== Text-to-region grounding data ==
[Start of Attachment]

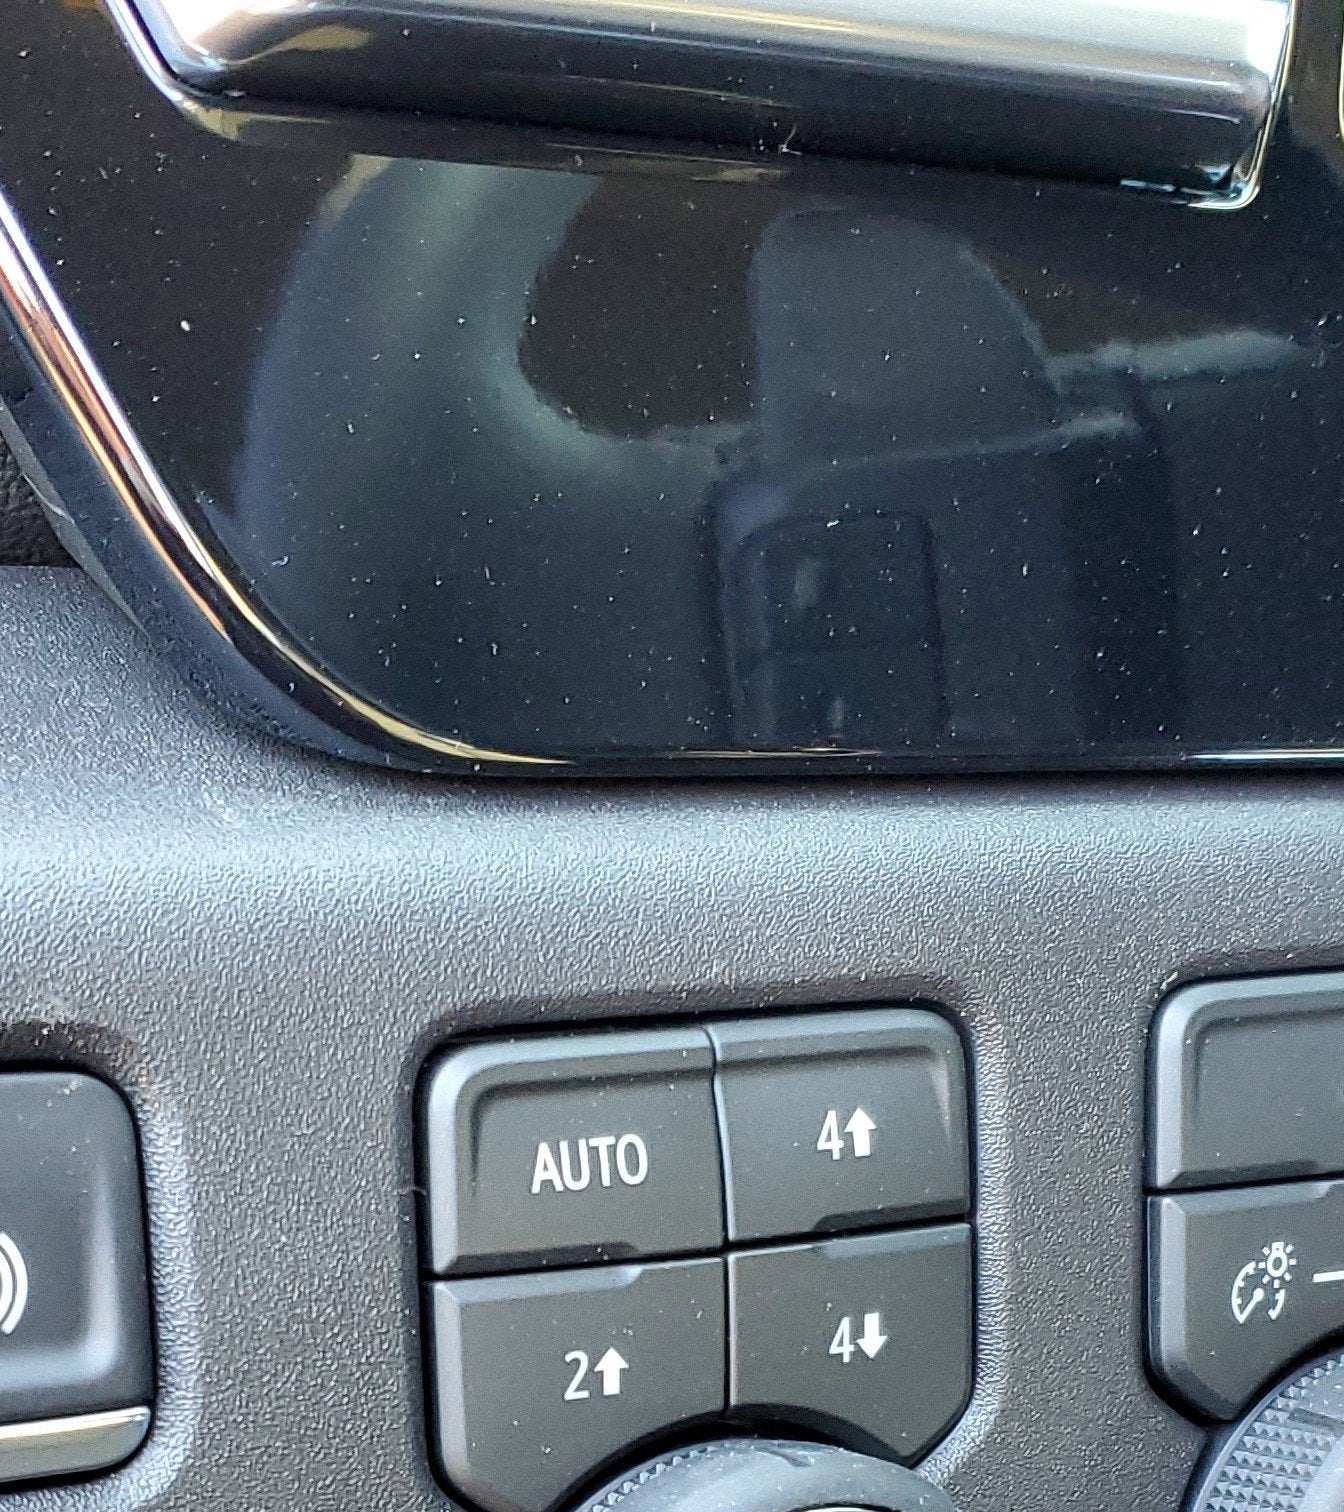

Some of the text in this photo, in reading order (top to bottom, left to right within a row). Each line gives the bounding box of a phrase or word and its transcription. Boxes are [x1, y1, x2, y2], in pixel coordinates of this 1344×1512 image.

[816, 1109, 845, 1161] 4
[530, 1133, 649, 1195] AUTO
[828, 1315, 856, 1364] 4
[562, 1350, 590, 1402] 2
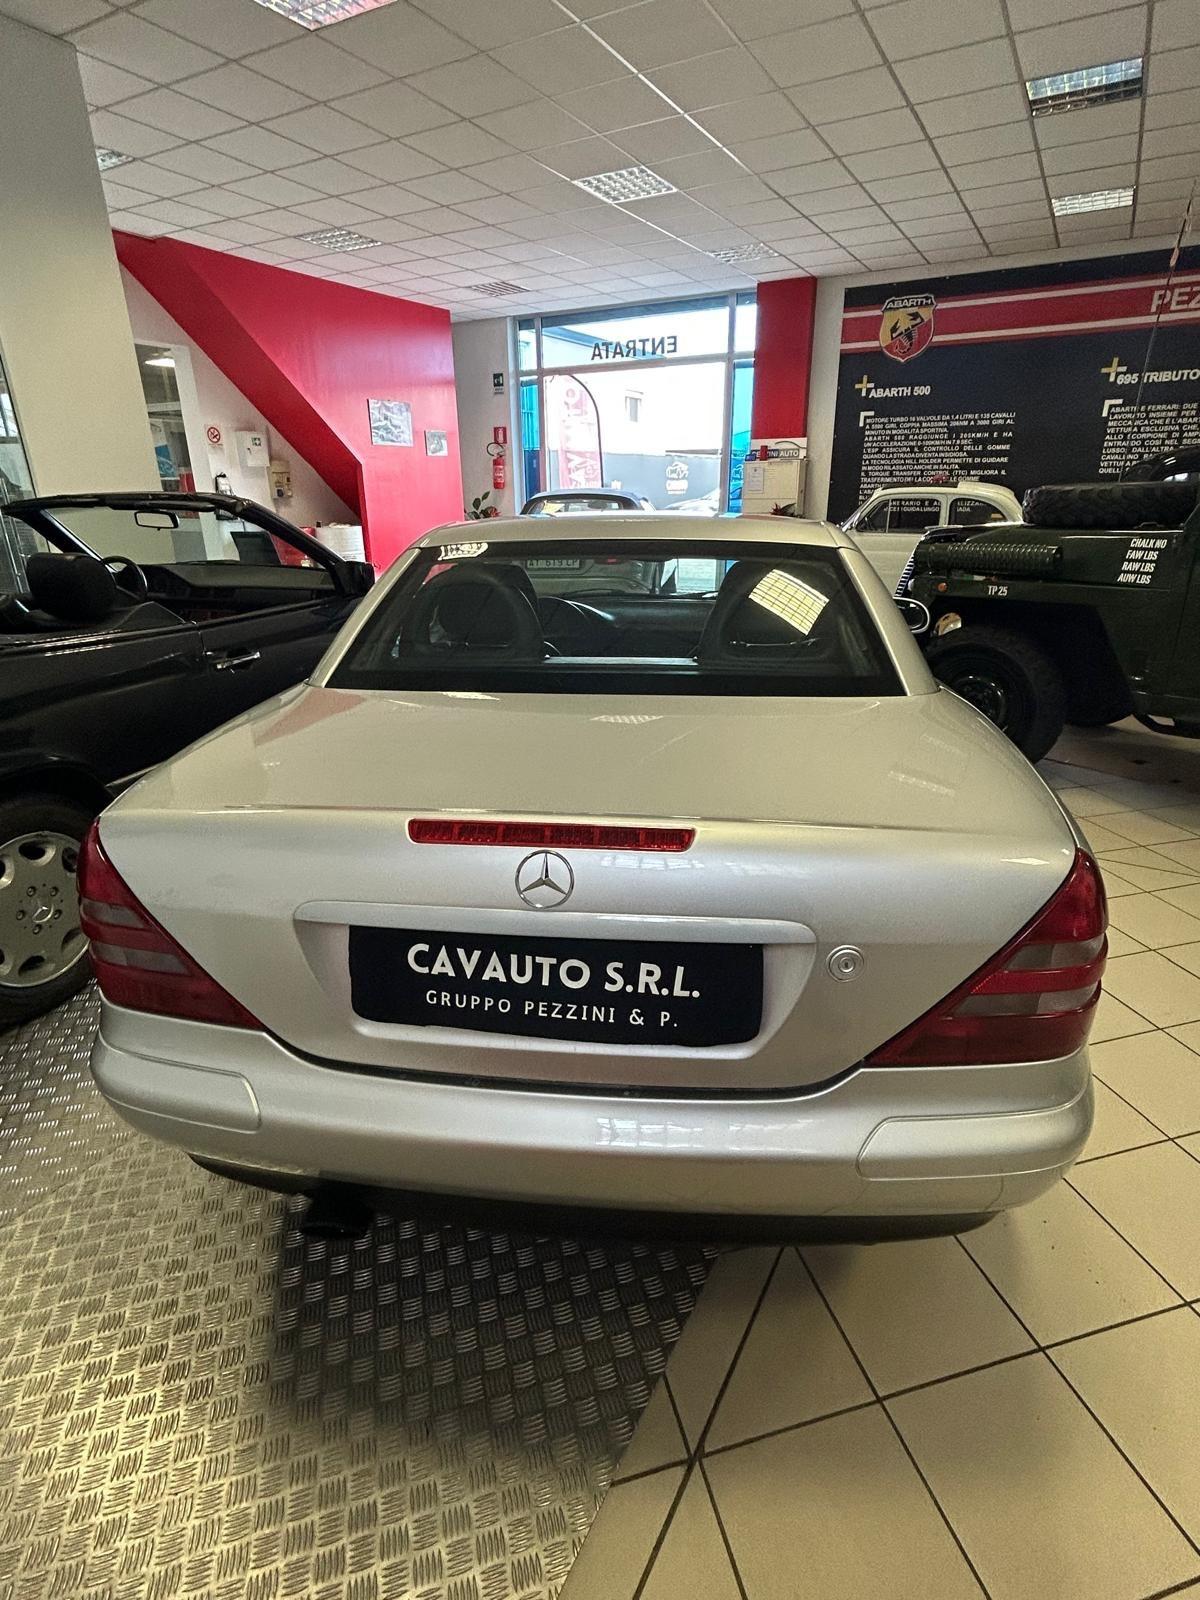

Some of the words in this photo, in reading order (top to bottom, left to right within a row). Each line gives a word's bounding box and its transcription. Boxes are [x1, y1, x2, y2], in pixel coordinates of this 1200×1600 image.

[End of Attachment]

== Aim of the exercise ==
Strip out the pictures and quote the remaining data word for word.

== Finished exercise ==
Some of the text in this photo, in reading order (top to bottom, left to right within a row). Each line gives the bounding box of a phrase or word and its transcription. Boxes are [x1, y1, x2, y2], in pixel coordinates of this 1344×1512 image.

[816, 1109, 845, 1161] 4
[530, 1133, 649, 1195] AUTO
[828, 1315, 856, 1364] 4
[562, 1350, 590, 1402] 2

Some of the words in this photo, in reading order (top to bottom, left to right within a row). Each line gives a word's bounding box and its transcription. Boxes are [x1, y1, x2, y2], in pixel coordinates of this 1200×1600 image.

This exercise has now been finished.